Exercise prompt: Repeat every record exactly as given.

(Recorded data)
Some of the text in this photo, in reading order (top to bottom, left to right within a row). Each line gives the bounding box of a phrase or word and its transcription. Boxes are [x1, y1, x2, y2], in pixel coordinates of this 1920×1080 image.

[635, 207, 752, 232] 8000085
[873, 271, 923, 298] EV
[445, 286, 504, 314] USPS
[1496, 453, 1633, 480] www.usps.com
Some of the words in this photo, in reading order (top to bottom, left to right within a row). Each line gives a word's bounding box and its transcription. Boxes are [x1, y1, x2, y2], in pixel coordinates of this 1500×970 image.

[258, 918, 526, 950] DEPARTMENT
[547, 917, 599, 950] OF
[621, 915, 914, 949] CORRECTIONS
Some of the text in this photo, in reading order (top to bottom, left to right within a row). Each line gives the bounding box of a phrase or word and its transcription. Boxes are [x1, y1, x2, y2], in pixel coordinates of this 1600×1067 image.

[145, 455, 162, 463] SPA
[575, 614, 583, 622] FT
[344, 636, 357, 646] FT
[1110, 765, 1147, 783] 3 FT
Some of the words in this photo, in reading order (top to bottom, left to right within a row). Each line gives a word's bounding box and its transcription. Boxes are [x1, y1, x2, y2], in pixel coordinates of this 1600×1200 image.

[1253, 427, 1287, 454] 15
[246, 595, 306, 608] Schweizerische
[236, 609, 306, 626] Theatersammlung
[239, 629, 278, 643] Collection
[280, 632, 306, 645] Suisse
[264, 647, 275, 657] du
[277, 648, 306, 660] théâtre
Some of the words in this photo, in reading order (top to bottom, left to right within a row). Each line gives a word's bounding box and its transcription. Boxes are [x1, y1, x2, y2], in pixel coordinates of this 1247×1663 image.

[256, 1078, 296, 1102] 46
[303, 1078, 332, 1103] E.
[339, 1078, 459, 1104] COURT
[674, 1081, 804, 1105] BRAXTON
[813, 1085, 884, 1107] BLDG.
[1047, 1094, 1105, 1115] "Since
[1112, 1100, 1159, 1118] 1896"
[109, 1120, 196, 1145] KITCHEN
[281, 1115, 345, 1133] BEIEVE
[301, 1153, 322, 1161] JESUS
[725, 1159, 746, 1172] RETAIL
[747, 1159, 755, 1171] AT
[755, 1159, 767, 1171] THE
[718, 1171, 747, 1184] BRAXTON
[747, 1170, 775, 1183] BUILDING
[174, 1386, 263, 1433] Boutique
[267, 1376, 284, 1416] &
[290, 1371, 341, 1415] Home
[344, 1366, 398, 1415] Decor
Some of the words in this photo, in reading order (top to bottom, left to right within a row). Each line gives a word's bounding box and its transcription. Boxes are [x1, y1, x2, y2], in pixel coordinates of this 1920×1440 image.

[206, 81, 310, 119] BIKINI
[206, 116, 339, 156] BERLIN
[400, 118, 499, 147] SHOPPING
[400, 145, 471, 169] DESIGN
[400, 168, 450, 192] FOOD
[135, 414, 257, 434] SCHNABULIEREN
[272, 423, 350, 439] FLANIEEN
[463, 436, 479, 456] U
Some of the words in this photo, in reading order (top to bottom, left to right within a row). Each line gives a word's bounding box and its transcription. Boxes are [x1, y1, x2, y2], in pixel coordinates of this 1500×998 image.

Answer space:
Some of the text in this photo, in reading order (top to bottom, left to right within a row). Each line gives the bounding box of a phrase or word and its transcription. Boxes are [x1, y1, x2, y2], in pixel coordinates of this 1920×1080 image.

[635, 207, 752, 232] 8000085
[873, 271, 923, 298] EV
[445, 286, 504, 314] USPS
[1496, 453, 1633, 480] www.usps.com
Some of the words in this photo, in reading order (top to bottom, left to right within a row). Each line gives a word's bounding box and its transcription. Boxes are [x1, y1, x2, y2], in pixel coordinates of this 1500×970 image.

[258, 918, 526, 950] DEPARTMENT
[547, 917, 599, 950] OF
[621, 915, 914, 949] CORRECTIONS
Some of the text in this photo, in reading order (top to bottom, left to right within a row). Each line gives the bounding box of a phrase or word and its transcription. Boxes are [x1, y1, x2, y2], in pixel coordinates of this 1600×1067 image.

[145, 455, 162, 463] SPA
[575, 614, 583, 622] FT
[344, 636, 357, 646] FT
[1110, 765, 1147, 783] 3 FT
Some of the words in this photo, in reading order (top to bottom, left to right within a row). Each line gives a word's bounding box and its transcription. Boxes are [x1, y1, x2, y2], in pixel coordinates of this 1600×1200 image.

[1253, 427, 1287, 454] 15
[246, 595, 306, 608] Schweizerische
[236, 609, 306, 626] Theatersammlung
[239, 629, 278, 643] Collection
[280, 632, 306, 645] Suisse
[264, 647, 275, 657] du
[277, 648, 306, 660] théâtre
Some of the words in this photo, in reading order (top to bottom, left to right within a row). Each line gives a word's bounding box and its transcription. Boxes are [x1, y1, x2, y2], in pixel coordinates of this 1247×1663 image.

[256, 1078, 296, 1102] 46
[303, 1078, 332, 1103] E.
[339, 1078, 459, 1104] COURT
[674, 1081, 804, 1105] BRAXTON
[813, 1085, 884, 1107] BLDG.
[1047, 1094, 1105, 1115] "Since
[1112, 1100, 1159, 1118] 1896"
[109, 1120, 196, 1145] KITCHEN
[281, 1115, 345, 1133] BEIEVE
[301, 1153, 322, 1161] JESUS
[725, 1159, 746, 1172] RETAIL
[747, 1159, 755, 1171] AT
[755, 1159, 767, 1171] THE
[718, 1171, 747, 1184] BRAXTON
[747, 1170, 775, 1183] BUILDING
[174, 1386, 263, 1433] Boutique
[267, 1376, 284, 1416] &
[290, 1371, 341, 1415] Home
[344, 1366, 398, 1415] Decor
Some of the words in this photo, in reading order (top to bottom, left to right within a row). Each line gives a word's bounding box and its transcription. Boxes are [x1, y1, x2, y2], in pixel coordinates of this 1920×1440 image.

[206, 81, 310, 119] BIKINI
[206, 116, 339, 156] BERLIN
[400, 118, 499, 147] SHOPPING
[400, 145, 471, 169] DESIGN
[400, 168, 450, 192] FOOD
[135, 414, 257, 434] SCHNABULIEREN
[272, 423, 350, 439] FLANIEEN
[463, 436, 479, 456] U
Some of the words in this photo, in reading order (top to bottom, left to right within a row). Each line gives a word's bounding box and its transcription. Boxes are [x1, y1, x2, y2], in pixel coordinates of this 1500×998 image.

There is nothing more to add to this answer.